While our map captures part of the BTLC’s difficult task and, as such, evinces the benefits of government oversight, it also manifests the darker drivers in the American story. More often than not, the well-positioned and wealthy stakeholders won, whereas others – especially those without political and financial clout – lost out. As such, this map not only embodies the development of Marin County into one of the most attractive places to live on the planet, but it also reveals a history of policy and decision-making inextricably linked to private commercial interests.
Cartographer(s):
Grafton Tyler Brown (1841–1918) was an American painter, lithographer, and cartographer. Brown was the first African American artist to create works depicting the Pacific Northwest and California. The son of a freedman, Brown worked for a printer in Philadelphia before moving to San Francisco in the 1860s. In San Francisco, Brown worked at Kuchel & Dressel from 1861 until 1867, when he opened his own firm and in 1878 created The Illustrated History of San Francisco, which consisted of 72 topographical images of the city.
Brown’s work in the Bay Area and in the Nevada Territory included documentation of settlements, property sales, claims and city boundaries. His works are held in the collections of the Oakland Museum of California, Smithsonian American Art Museum, and the Los Angeles County Museum of Art.
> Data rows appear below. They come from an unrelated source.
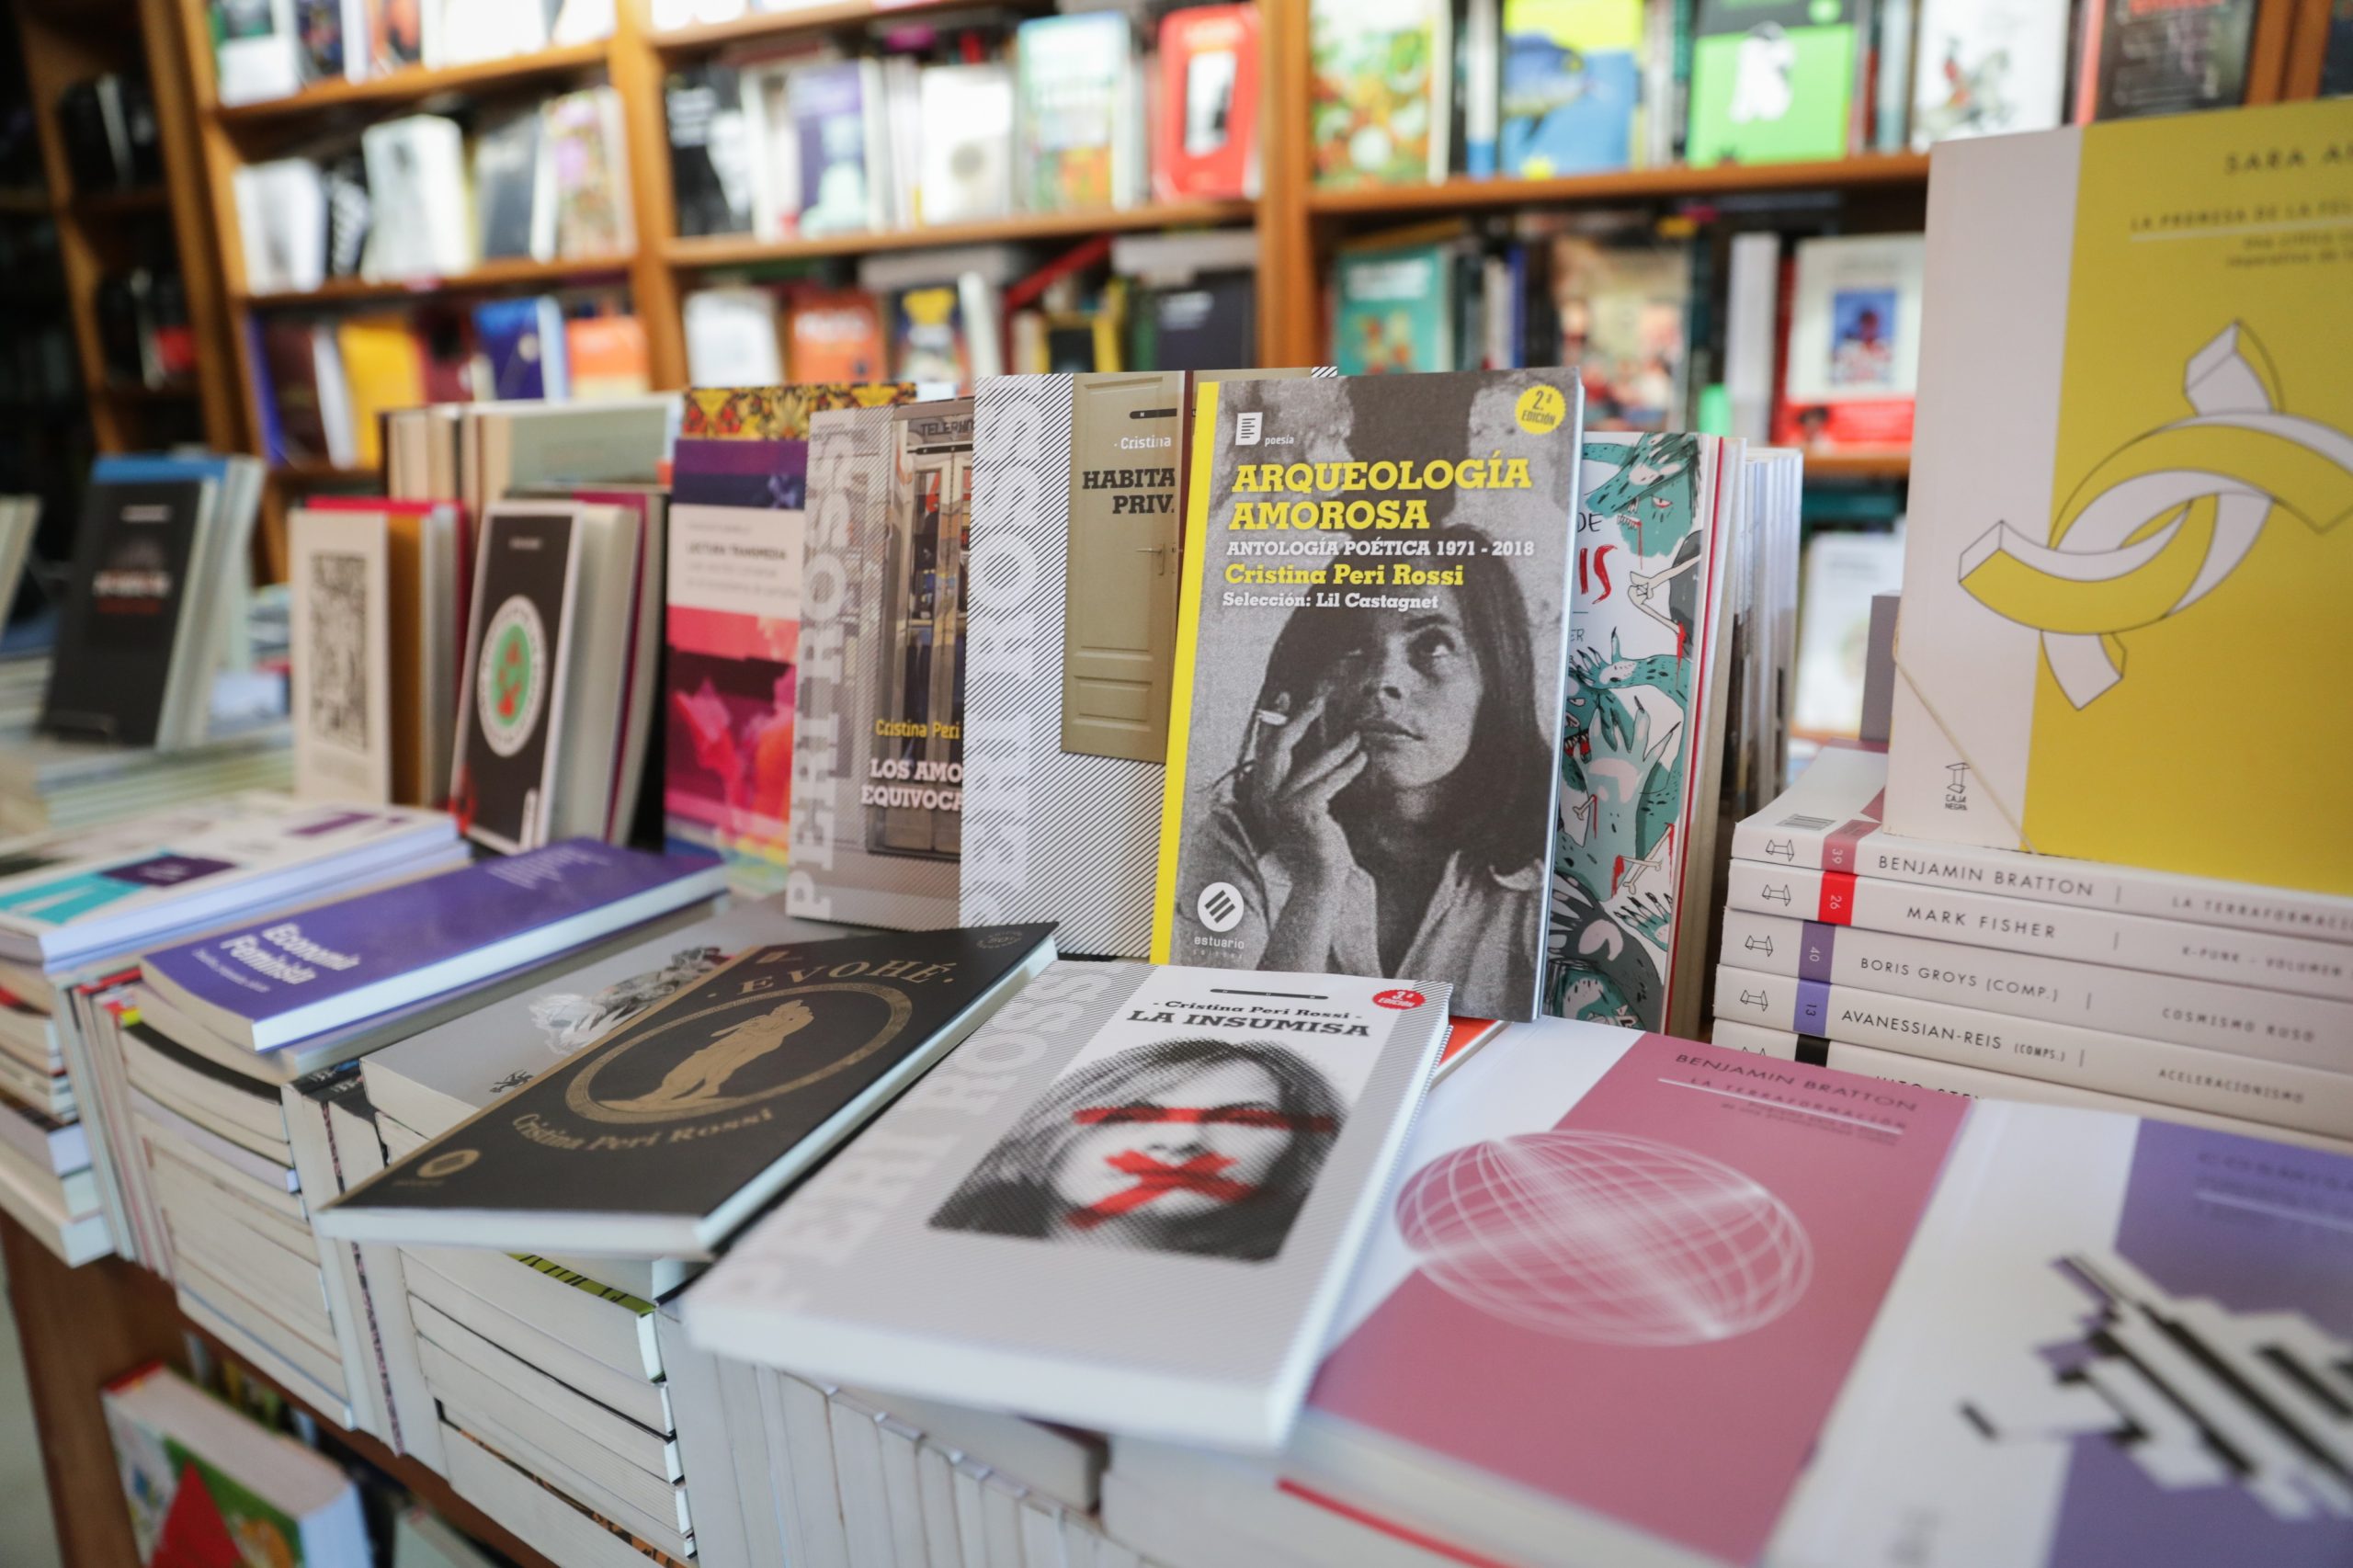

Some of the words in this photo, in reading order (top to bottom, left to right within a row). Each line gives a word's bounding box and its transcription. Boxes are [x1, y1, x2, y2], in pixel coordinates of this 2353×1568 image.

[2224, 147, 2306, 175] SARA
[1521, 410, 1556, 426] EDICIÓN
[1120, 435, 1172, 450] Cristina
[1264, 434, 1295, 448] poesía
[1082, 468, 1176, 490] HABITA
[1232, 449, 1532, 494] ARQUEOLOGÍA
[1112, 494, 1176, 515] PRIV
[1228, 499, 1430, 531] AMOROSA
[1226, 538, 1340, 556] ANTOLOGÍA
[1345, 537, 1431, 556] POÉTICA
[1437, 540, 1475, 556] 1971
[1493, 540, 1535, 556] 2018
[1224, 563, 1327, 585] Cristina
[1333, 563, 1385, 585] Peri
[1392, 563, 1464, 586] Rossi
[1222, 591, 1312, 608] Selección:
[1315, 592, 1339, 608] Lil
[1344, 592, 1438, 612] Castagnet
[875, 719, 927, 738] Cristina
[932, 721, 961, 740] Peri
[870, 757, 911, 780] LOS
[914, 760, 963, 783] AMO
[1945, 793, 1967, 802] CAJA
[786, 711, 841, 918] PERI
[1832, 847, 1844, 865] 39
[1879, 856, 1984, 882] BENJAMIN
[1994, 867, 2094, 897] BRATTON
[1830, 894, 1842, 910] 26
[2172, 897, 2192, 909] LA
[1907, 906, 1966, 927] MARK
[1980, 915, 2056, 939] FISHER
[1194, 935, 1245, 949] estuario
[1809, 947, 1820, 962] 40
[736, 960, 958, 996] EVOHÉ
[1860, 957, 1910, 976] BORIS
[1918, 967, 1977, 987] GROYS
[1986, 978, 2059, 1003] (COMP.)
[1165, 1000, 1244, 1013] Cristina
[1250, 1005, 1290, 1017] Peri
[1297, 1008, 1350, 1019] Rossi
[1805, 1003, 1817, 1017] 13
[1126, 1010, 1176, 1026] LA
[1182, 1013, 1370, 1038] INSUMISA
[2161, 1007, 2256, 1034] COSMISMO
[2265, 1024, 2316, 1044] RUSO
[1841, 1010, 2003, 1051] AVANESSIAN-REIS
[2014, 1042, 2067, 1062] (COMPS.)
[1675, 1054, 1796, 1085] BENJAMIN
[1802, 1080, 1918, 1112] BRATTON
[1690, 1077, 1711, 1088] LA
[2158, 1068, 2305, 1105] ACELERACIONISMO
[512, 1112, 588, 1150] Cristina
[585, 1131, 662, 1151] Peri
[669, 1107, 774, 1143] Rossi
George F. AllardtGeorge F. Allardt (died July 27, 1903) was a civil engineer based in San Francisco who conducted extensive surveys of the State of California. He is most known for being the lead surveyor for the Board of Tide Land Commissioners (BTLC), which was charged with defining the high tide line for the Bay Area, thus forming the basis for the official reclamation of tidal lands in the Bay Area. Allardt was deeply involved in the survey and subdivision of 17,000 acres of the San Pablo Rancho. At the time, it was one of the largest surveys ever made in California. Moreover, he created Allardt’s Official Map of Alameda County.
Condition Description
Wear along fold lines, repaired tears at margins. Repaired areas of loss along edge. Rebacked.